[Entries taken from a collection]
·····
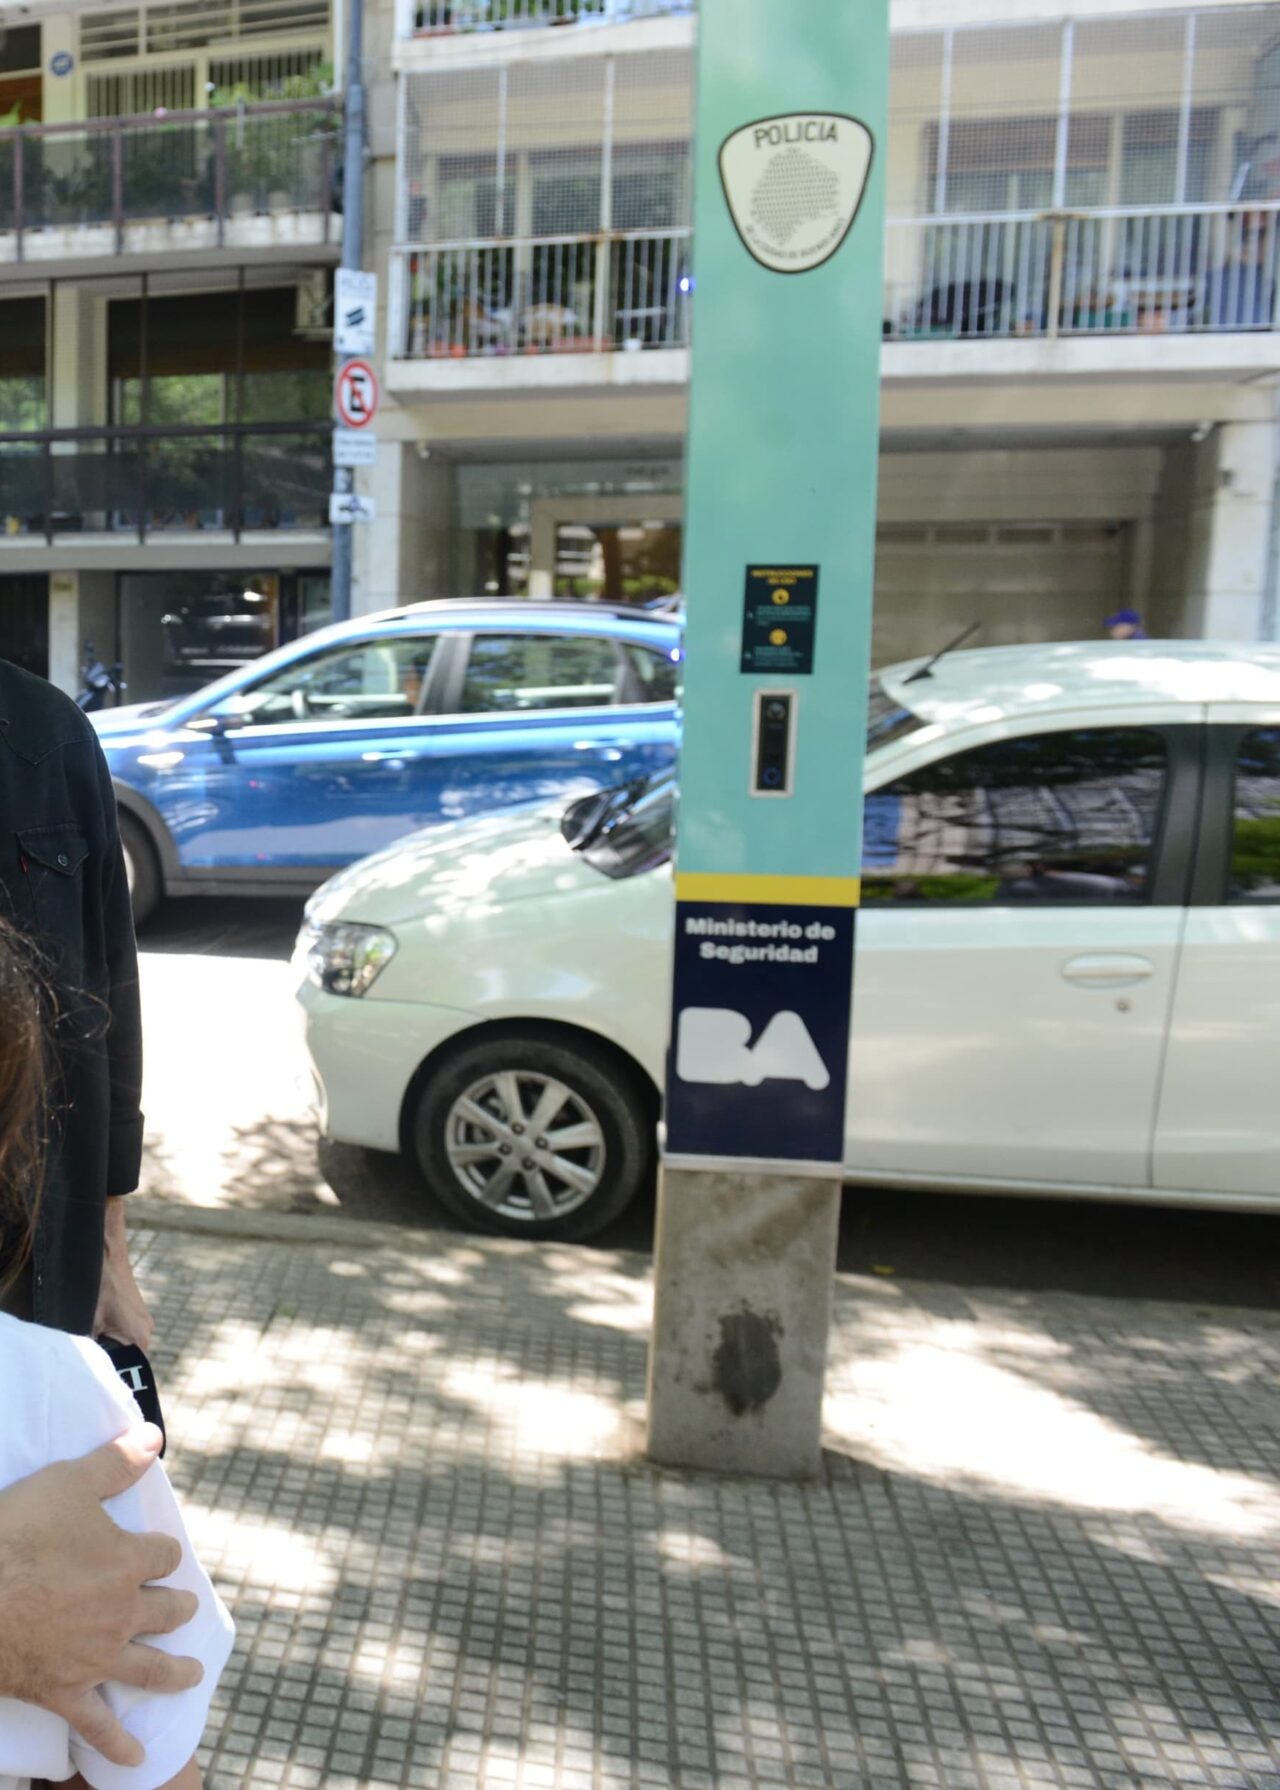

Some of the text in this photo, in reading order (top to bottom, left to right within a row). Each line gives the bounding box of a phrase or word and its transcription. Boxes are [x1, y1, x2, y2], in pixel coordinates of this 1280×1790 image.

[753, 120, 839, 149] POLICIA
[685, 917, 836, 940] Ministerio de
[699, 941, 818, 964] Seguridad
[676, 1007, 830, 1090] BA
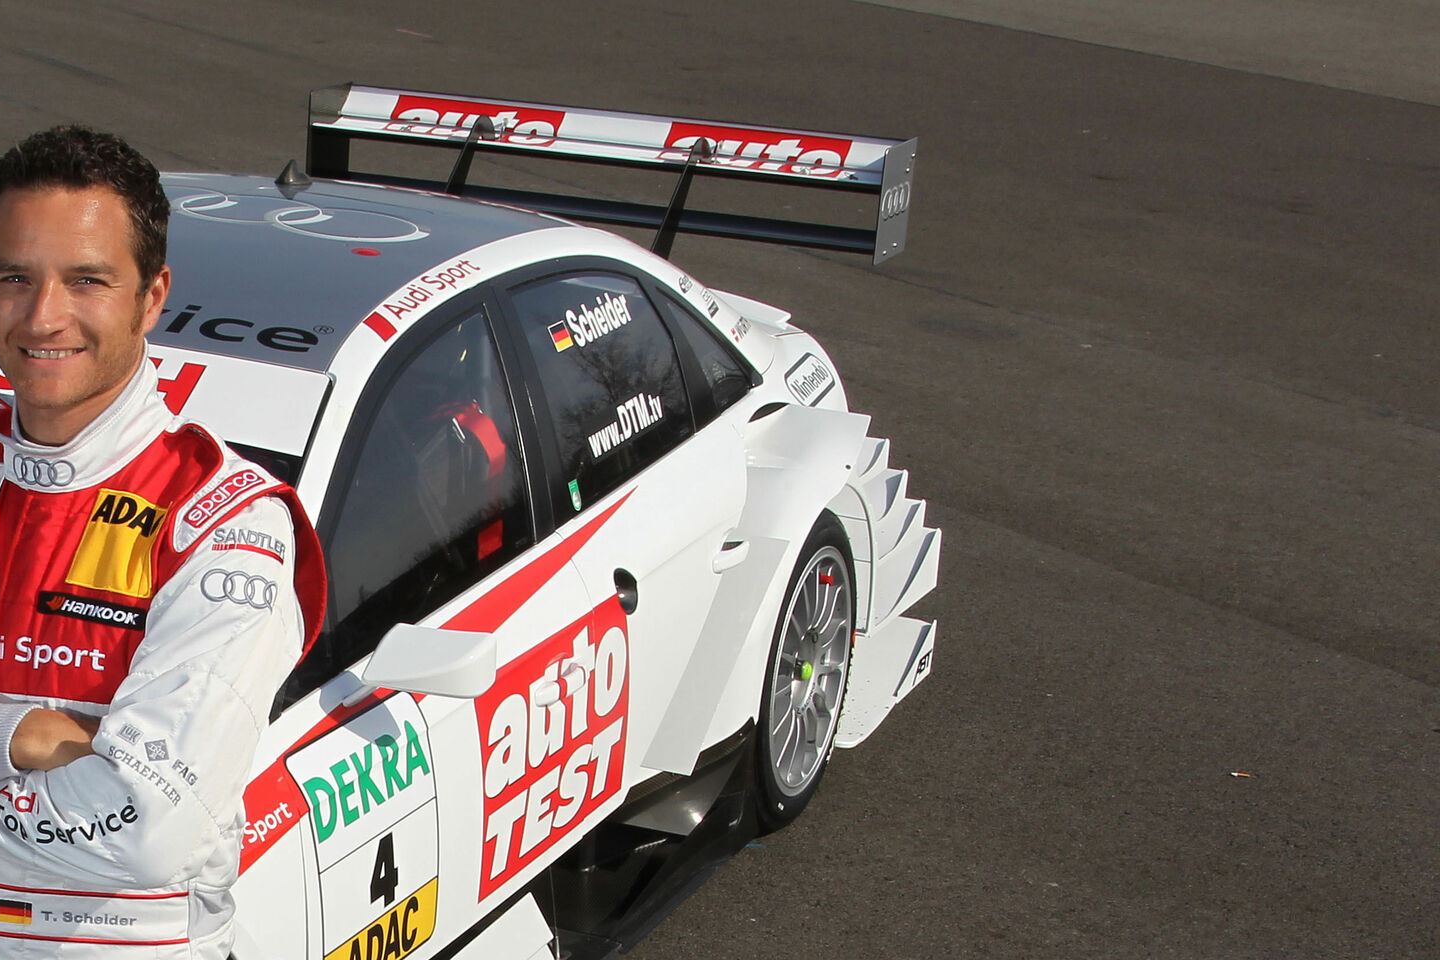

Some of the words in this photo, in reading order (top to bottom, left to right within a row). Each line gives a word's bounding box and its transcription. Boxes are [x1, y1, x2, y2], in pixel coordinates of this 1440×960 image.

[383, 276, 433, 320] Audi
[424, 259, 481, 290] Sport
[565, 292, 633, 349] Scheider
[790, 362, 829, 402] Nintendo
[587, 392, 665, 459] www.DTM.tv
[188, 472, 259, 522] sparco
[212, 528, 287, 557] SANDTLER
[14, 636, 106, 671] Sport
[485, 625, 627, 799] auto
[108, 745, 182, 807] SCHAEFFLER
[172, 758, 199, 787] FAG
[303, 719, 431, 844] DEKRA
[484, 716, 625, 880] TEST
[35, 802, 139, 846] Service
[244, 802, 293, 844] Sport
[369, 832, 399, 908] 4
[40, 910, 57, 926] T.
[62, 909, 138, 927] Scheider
·····
> [Brief]: Lines from the one containing "Some of the words" through the end of the entries above must be copied exactly; include both ends and no other lines.

> [Solution for this problem]:
Some of the words in this photo, in reading order (top to bottom, left to right within a row). Each line gives a word's bounding box and its transcription. Boxes are [x1, y1, x2, y2], in pixel coordinates of this 1440×960 image.

[383, 276, 433, 320] Audi
[424, 259, 481, 290] Sport
[565, 292, 633, 349] Scheider
[790, 362, 829, 402] Nintendo
[587, 392, 665, 459] www.DTM.tv
[188, 472, 259, 522] sparco
[212, 528, 287, 557] SANDTLER
[14, 636, 106, 671] Sport
[485, 625, 627, 799] auto
[108, 745, 182, 807] SCHAEFFLER
[172, 758, 199, 787] FAG
[303, 719, 431, 844] DEKRA
[484, 716, 625, 880] TEST
[35, 802, 139, 846] Service
[244, 802, 293, 844] Sport
[369, 832, 399, 908] 4
[40, 910, 57, 926] T.
[62, 909, 138, 927] Scheider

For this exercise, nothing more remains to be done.